(Dataset entries)
⁂

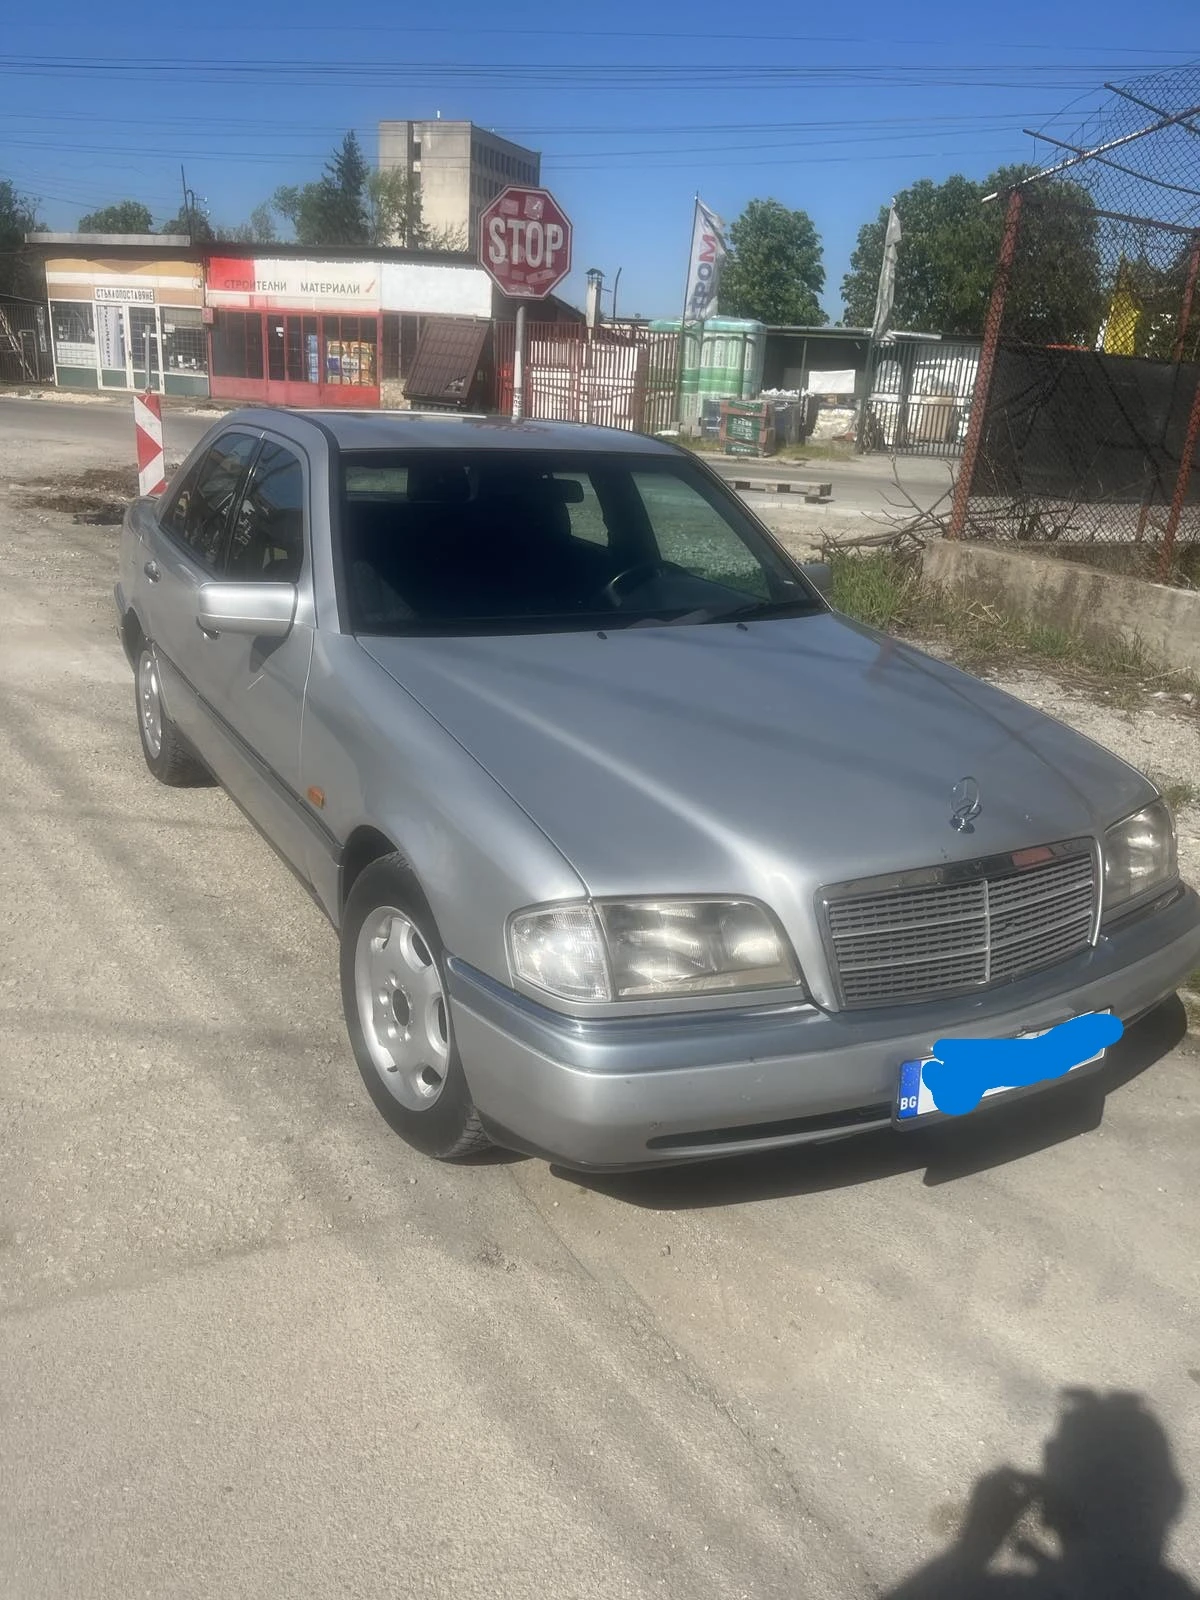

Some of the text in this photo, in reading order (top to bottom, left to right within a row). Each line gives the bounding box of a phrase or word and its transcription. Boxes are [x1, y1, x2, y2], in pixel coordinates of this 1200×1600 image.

[488, 216, 564, 269] STOP
[224, 279, 360, 295] СТРОИТЕЛНИ МАТЕРИАЛИ
[900, 1095, 917, 1110] BG
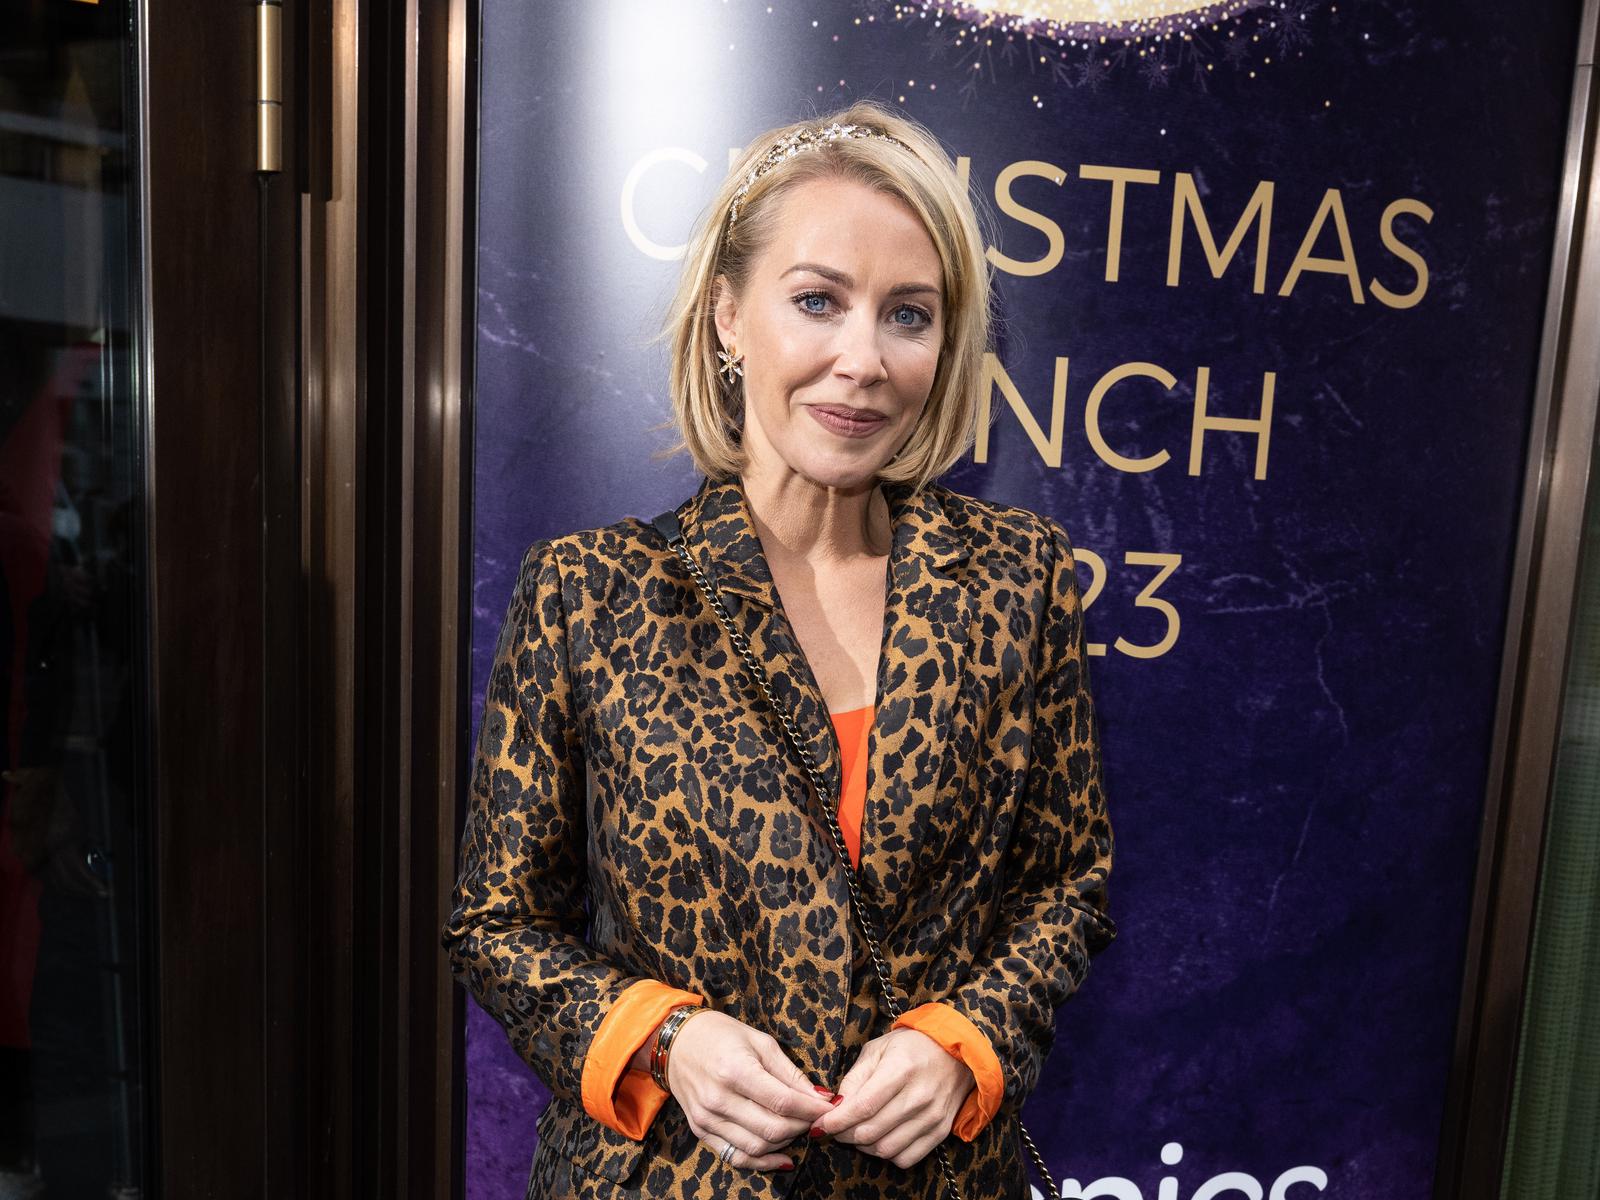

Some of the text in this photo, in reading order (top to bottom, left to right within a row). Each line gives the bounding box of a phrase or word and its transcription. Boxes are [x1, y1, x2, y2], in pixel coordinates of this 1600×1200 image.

[620, 147, 1434, 309] CSTMAS
[973, 352, 1276, 481] NCH
[1072, 548, 1182, 659] 23
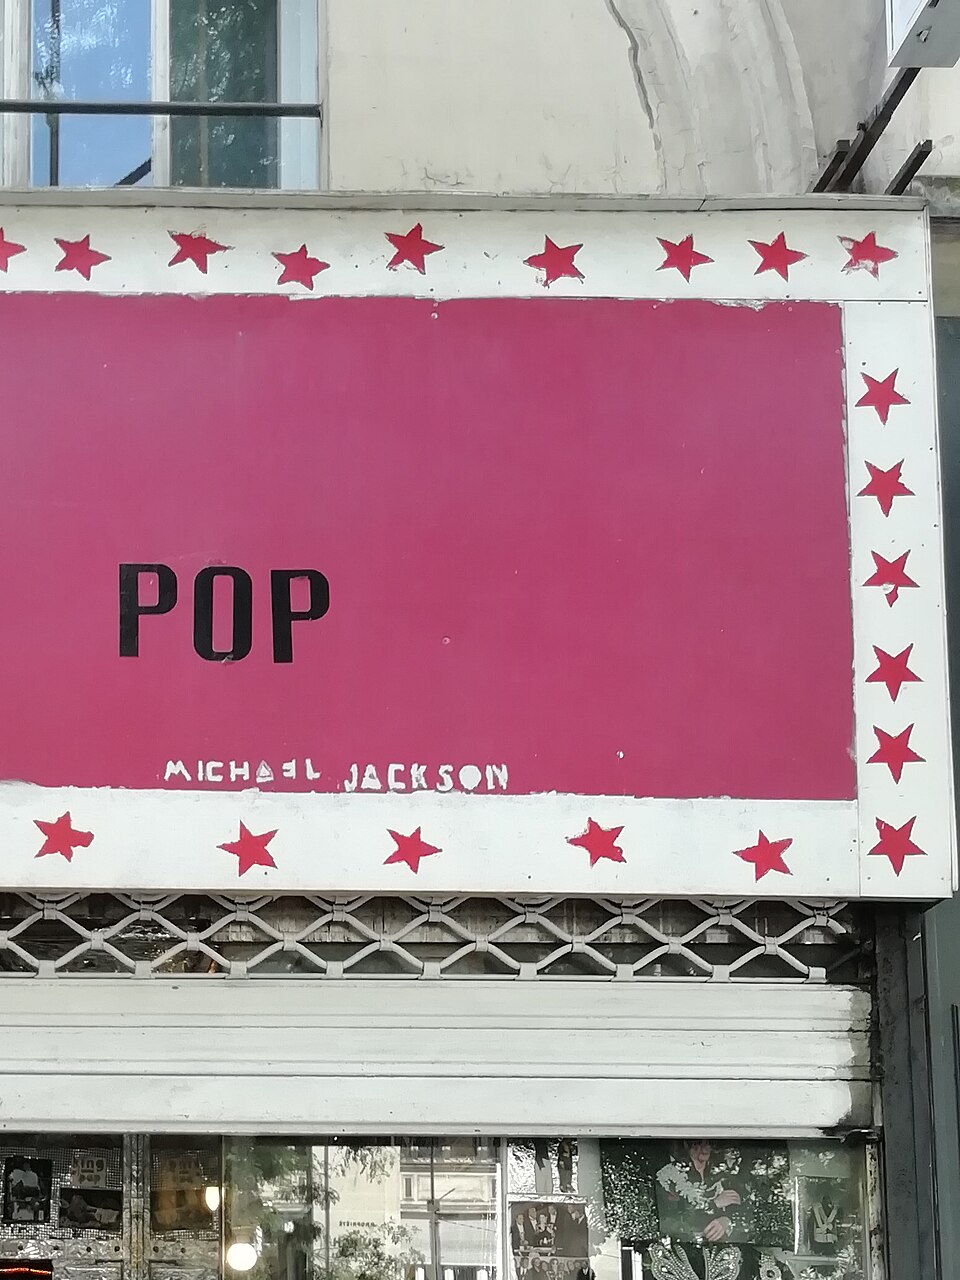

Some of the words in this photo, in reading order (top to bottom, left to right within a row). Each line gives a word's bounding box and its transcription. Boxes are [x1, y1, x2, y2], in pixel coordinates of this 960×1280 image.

[119, 563, 331, 664] POP
[164, 759, 321, 783] MICHAEL
[344, 763, 508, 792] JACKSON
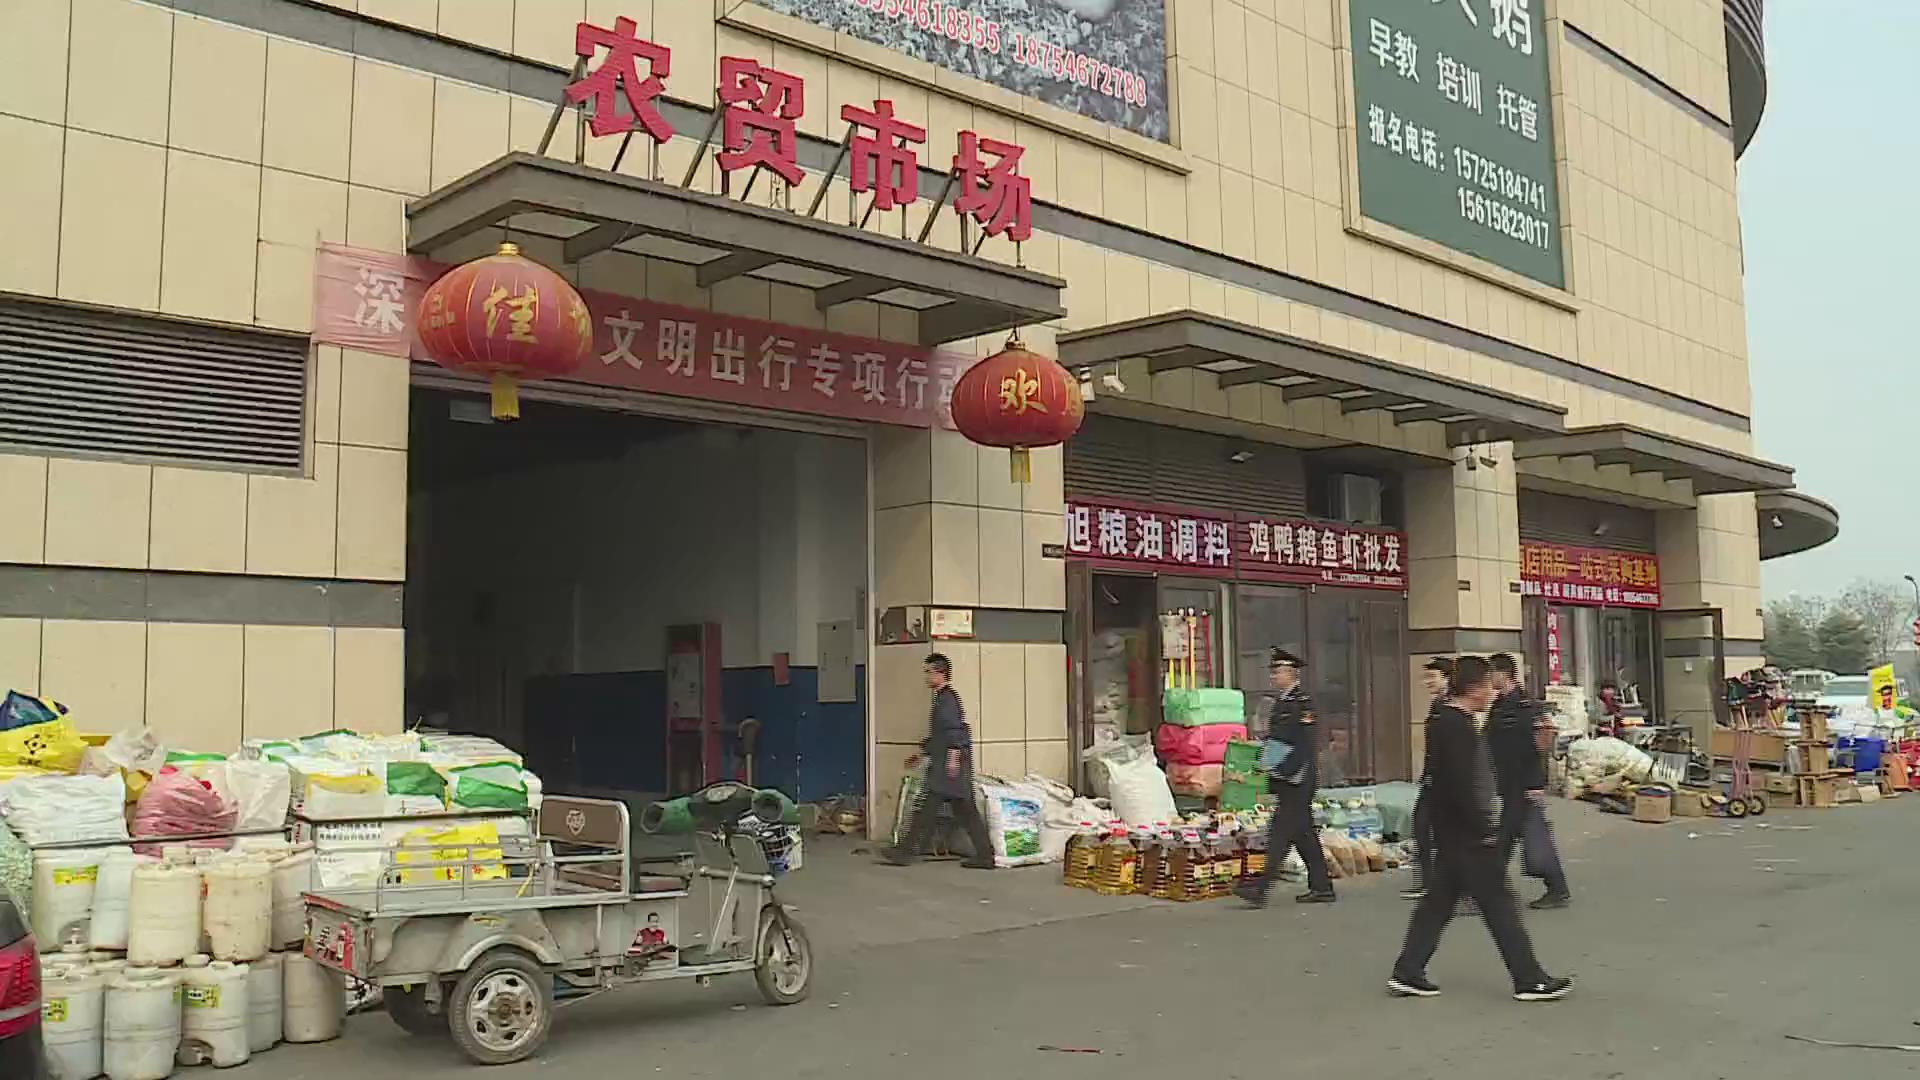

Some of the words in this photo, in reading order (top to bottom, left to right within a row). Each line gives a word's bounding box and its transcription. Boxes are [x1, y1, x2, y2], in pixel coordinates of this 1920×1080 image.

⁂

• WHAT THE TASK REQUIRES
Where the line containing "this 960×1280 image." appears above, start there and set down each line exactly through the last line of the data; leave out every picture.

• RESULT
Some of the words in this photo, in reading order (top to bottom, left to right within a row). Each line gives a word's bounding box and its transcription. Boxes are [x1, y1, x2, y2], in pixel coordinates of this 960×1280 image.

[119, 563, 331, 664] POP
[164, 759, 321, 783] MICHAEL
[344, 763, 508, 792] JACKSON

Some of the words in this photo, in reading order (top to bottom, left to right within a row). Each line gives a word's bounding box and its transcription. Boxes are [x1, y1, x2, y2], in pixel coordinates of this 1920×1080 image.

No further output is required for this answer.